HAMPTON ROADS, Va. - The 2020-21 college basketball season was a unique one as teams tried to navigate playing in the midst of a pandemic.
"I remember someone asking early in the year before we started playing, what would a successful year for William and Mary look like, and I remember the first thing I said was being able to complete it," William & Mary men's basketball coach Dane Fischer said.
"Don’t get me wrong, I hate to lose just as much as anybody else, but getting through the season was a victory for everybody," Hampton men's basketball coach Edward "Buck" Joyner said.
"There was a lot of questions and a lot of doubters early on, and it wasn’t always smooth sailing," Old Dominion men's basketball coach Jeff Jones said.
As Jones said, it wasn't smooth sailing. In fact, according to the Wall Street Journal, over 20 percent of college basketball games were postponed this season and half of those were canceled.
The Monarchs, Pirates and Tribe were among those cancellations at different points in the season.
"It was so unique when you face those pauses, because coming out of those pauses guys haven’t done anything from ten days to two weeks," Fischer said.
Even when the entire team is healthy, the fear of catching COVID-19 was always present.
"We tested daily, so every day, those 15 minutes were the longest 15 minutes of your life," Joyner said.
Postponements, cancellations and worry are all in the past now and we look ahead to tonight's title game, a game that all three coaches believe belongs to the Zags.
"The only way I think you can predict these things is to look and see who's the best team," Jones said. "Clearly they’re the best team.

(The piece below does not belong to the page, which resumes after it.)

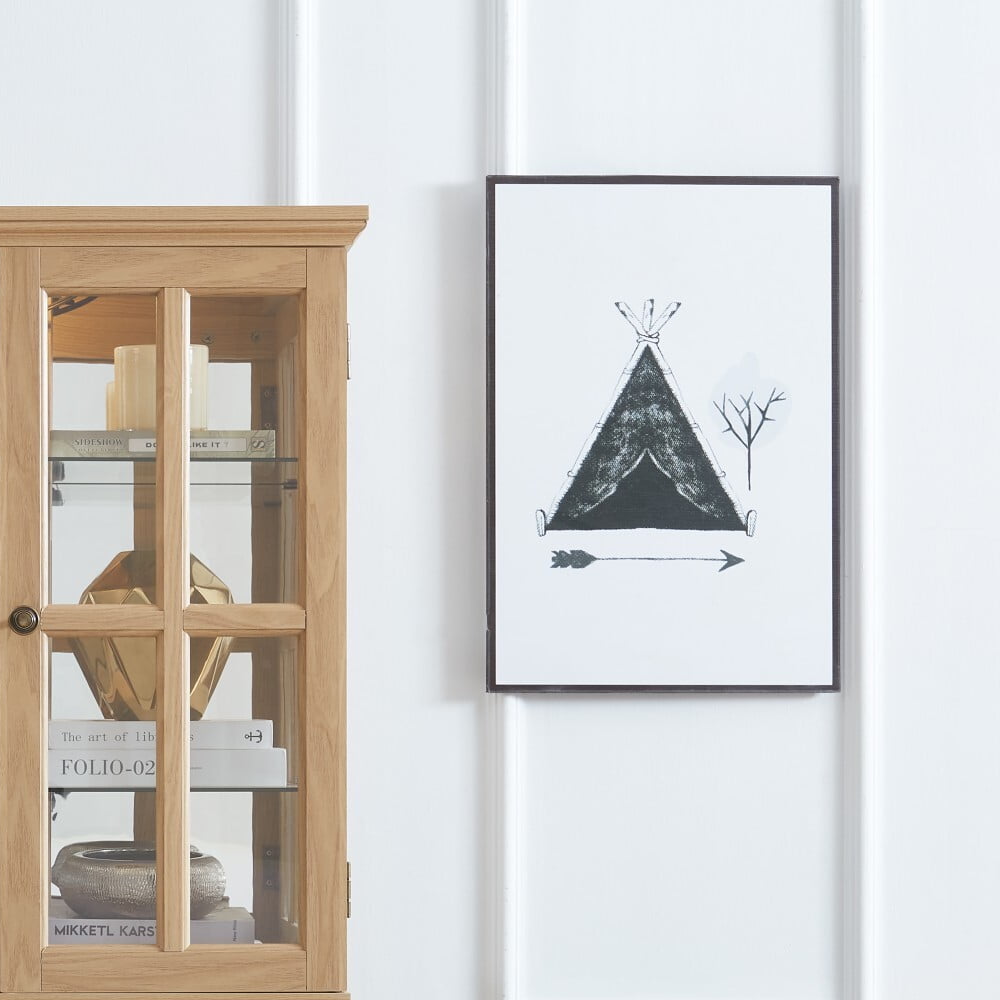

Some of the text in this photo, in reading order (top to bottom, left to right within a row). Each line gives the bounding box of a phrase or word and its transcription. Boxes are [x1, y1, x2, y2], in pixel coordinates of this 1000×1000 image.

"Albeit it's not the most educated because I haven't seen Baylor," Fischer said. "Gonzaga looks pretty good and they had a game like they did on Saturday, sometimes you just get that team of destiny thing."
“The only team I thought could beat Gonzaga was Michigan," Joyner said. "I have to go with Gonzaga.”
And if you're wondering whether these coaches enjoy watching the tournament when their teams are not playing in it, "Every game I watch it burns me the hell up that I'm not playing," Joyner said. "But, it's one of the few times that I get to watch the game and I get to be a fan."